THE NEWEST ENTITLEMENT
July 30, 2007
The State Children's Health Insurance Program (SCHIP) sounds like the epitome of good government: Who could be against health care for children? The answer is anyone who worries about one more middle-class taxpayer entitlement and a further slide to a government takeover of health care, says the Wall Street Journal.
- SCHIP was enacted in 1997 to help insure children from working-poor families who make too much to qualify for Medicaid.
- In the intervening years, the program reduced the rate of uninsured kids by about 25 percent but has also grown to cover the middle class and even many adults -- and it gets bigger every year.
- The program expires in September without reauthorization, and congressional Democrats want to enlarge its $35 billion budget by at least $60 billion over five years.
Like all government insurance, SCHIP is "covering" more children by displacing private insurance. According to the Congressional Budget Office, for every 100 children who are enrolled in the proposed SCHIP expansion, there will be a corresponding reduction in private insurance for 25 to 50 children.
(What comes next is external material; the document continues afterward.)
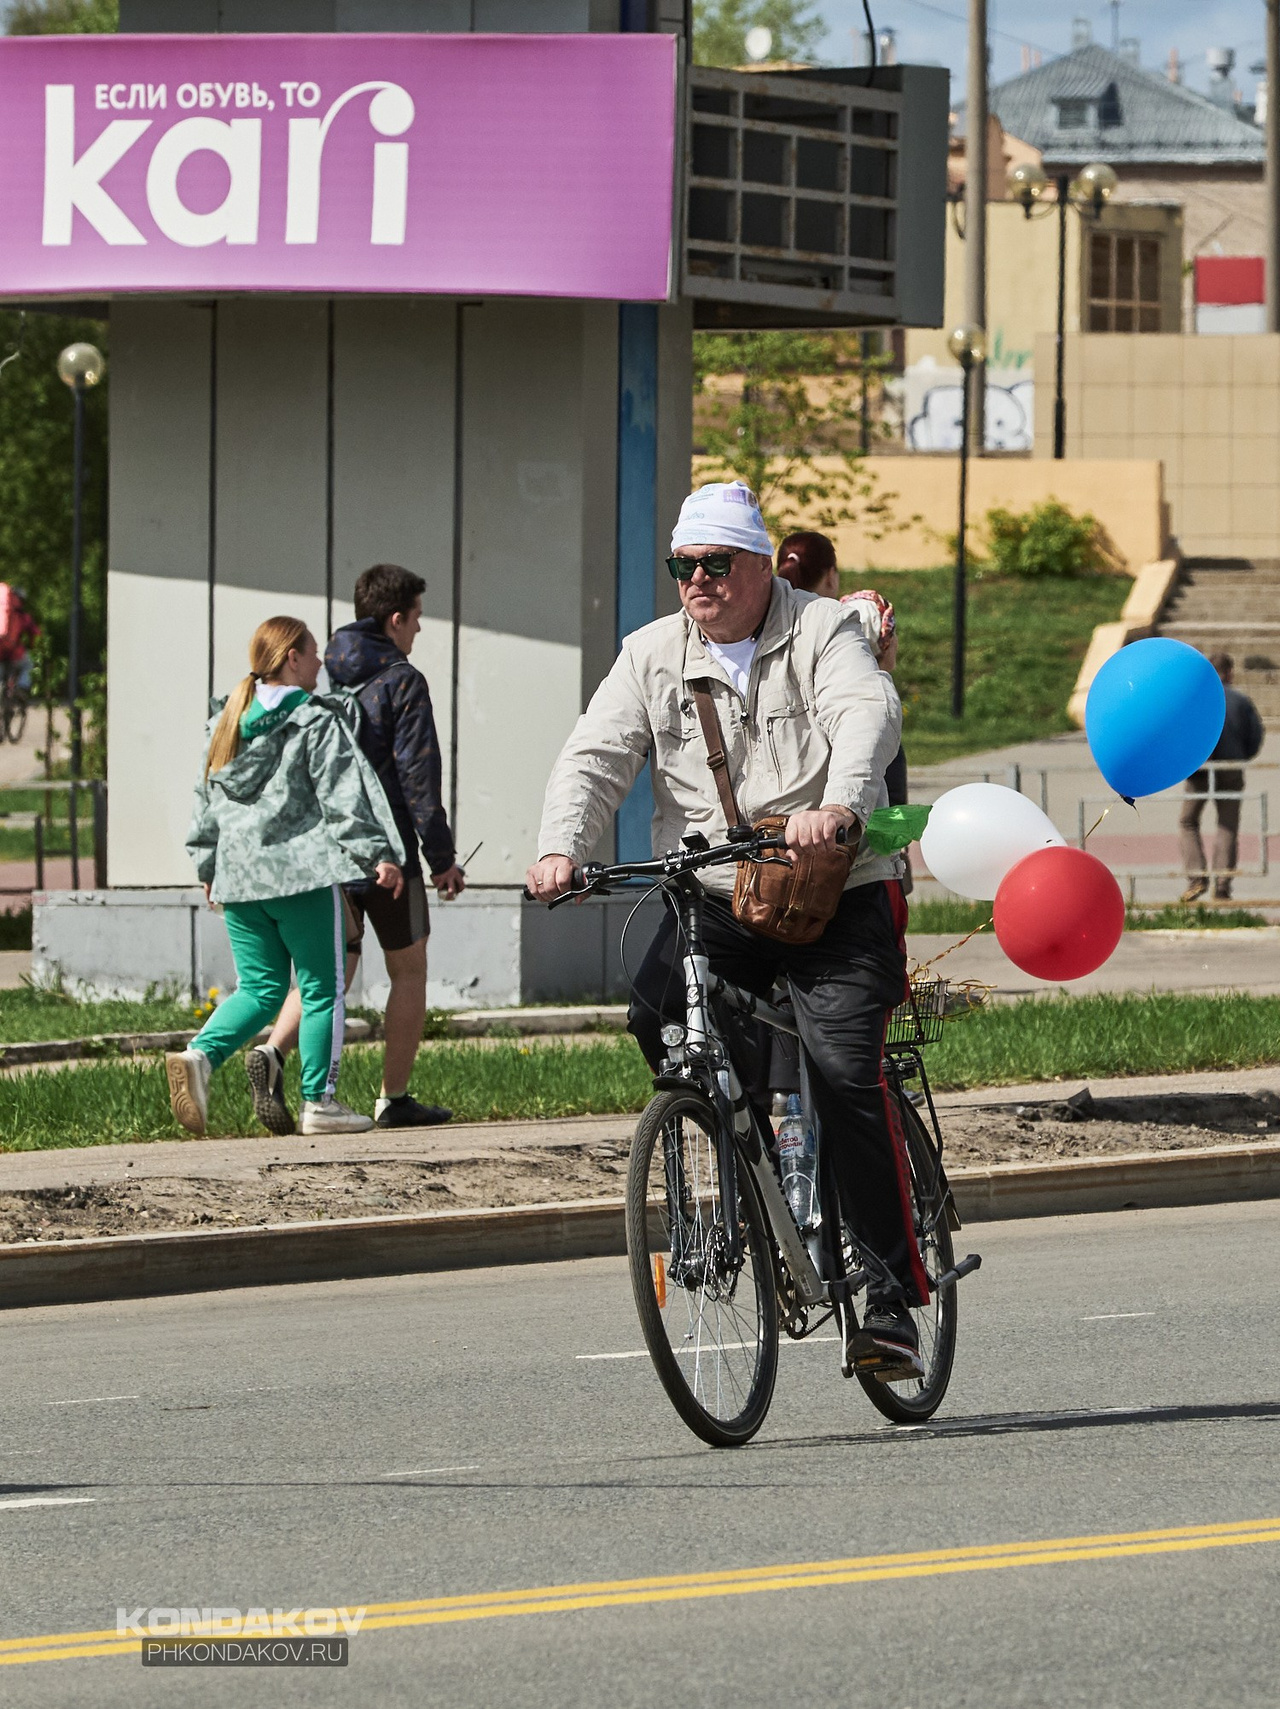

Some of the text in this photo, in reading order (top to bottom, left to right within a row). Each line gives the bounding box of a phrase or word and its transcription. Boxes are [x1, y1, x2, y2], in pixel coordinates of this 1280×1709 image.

[95, 82, 321, 111] ЕСЛИ ОБУВЬ, ТО
[41, 81, 415, 248] kari
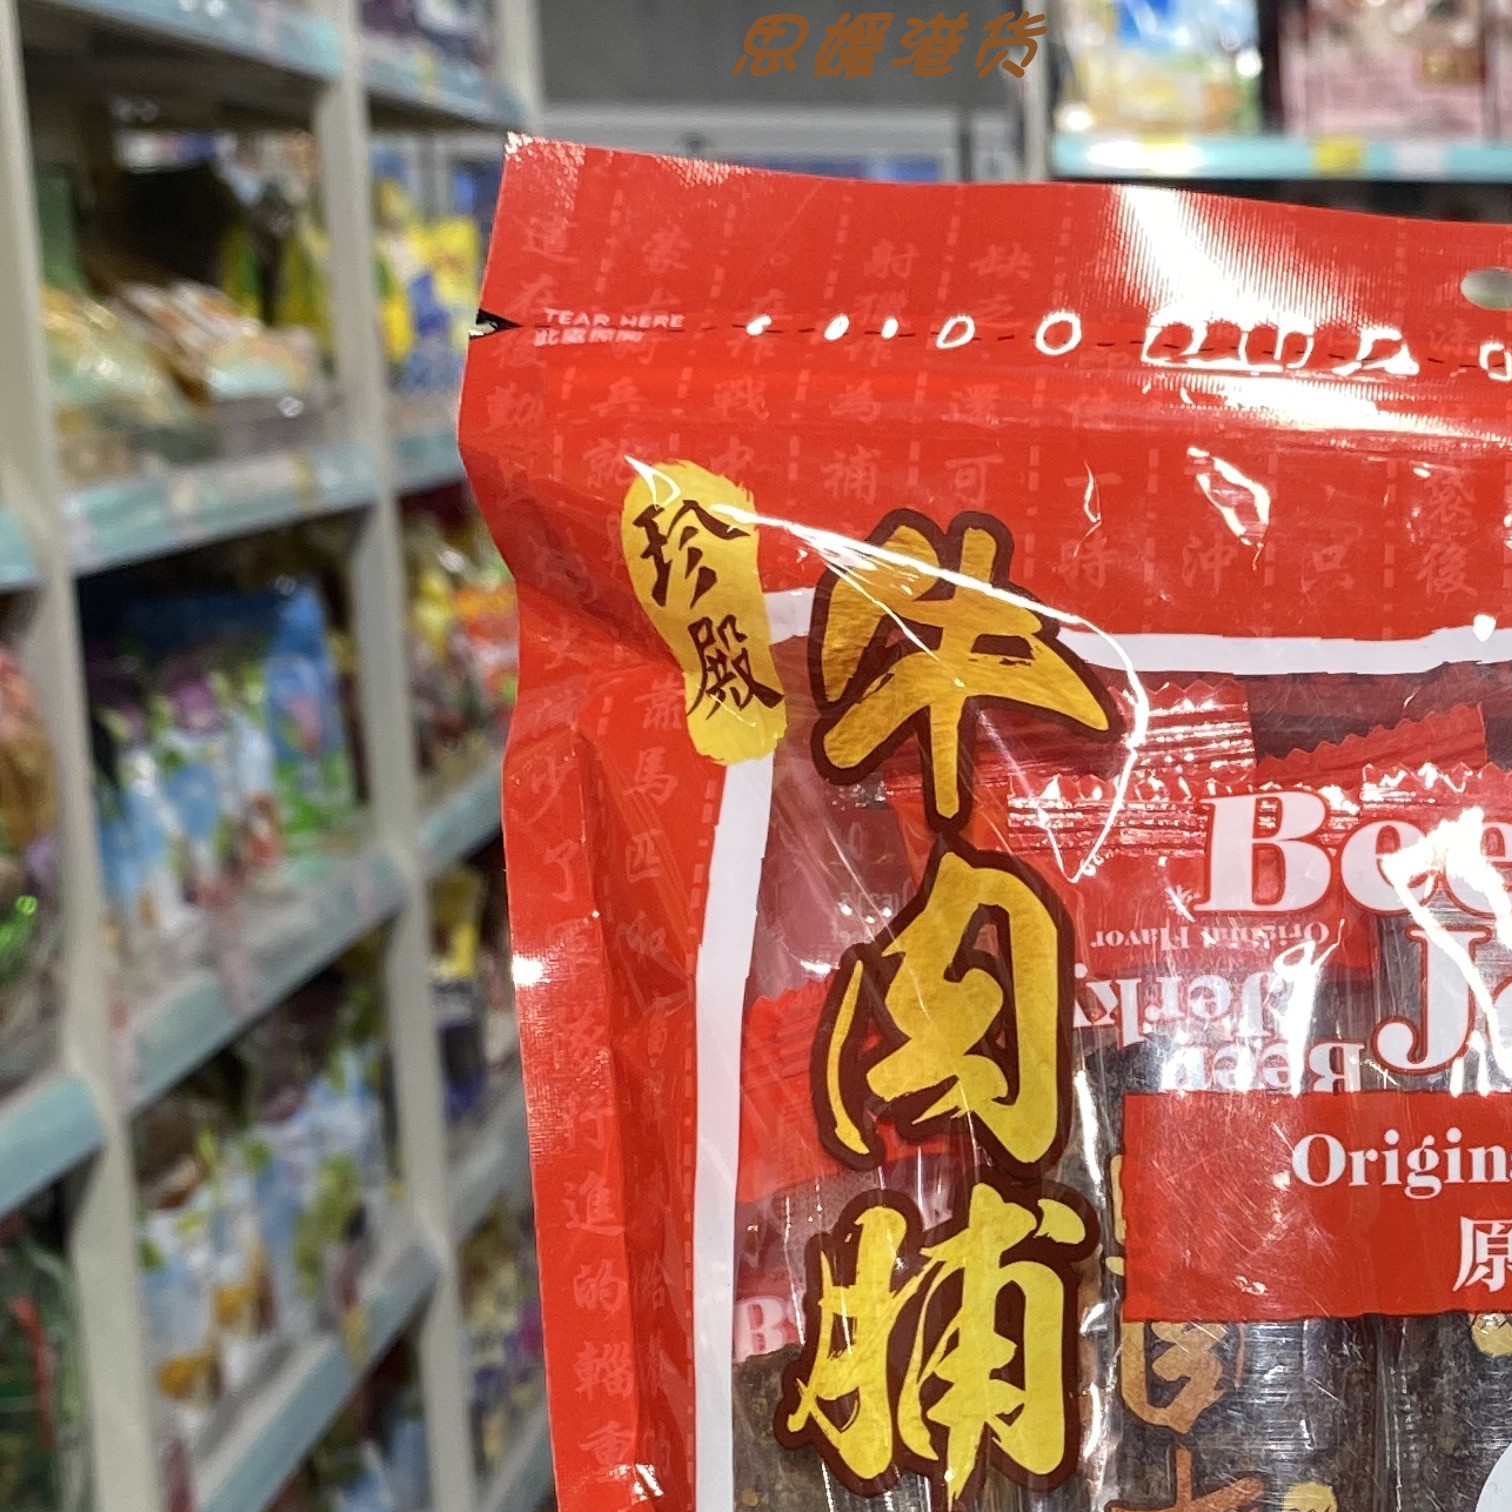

Although there is a net increase in coverage, it comes by eroding the private system.
This crowd-out effect is magnified moving up the income scale, says the Journal:
- In 2005, 77 percent of children between 200 percent and 300 percent of the poverty level already had private insurance, which is where the Senate compromise wants to move SCHIP participation.
- New York State is moving to 400 percent of poverty, or some $82,000 in annual income.
All of this betrays the fact that the real political objective of SCHIP is more government control -- HillaryCare on the installment plan, says the Journal.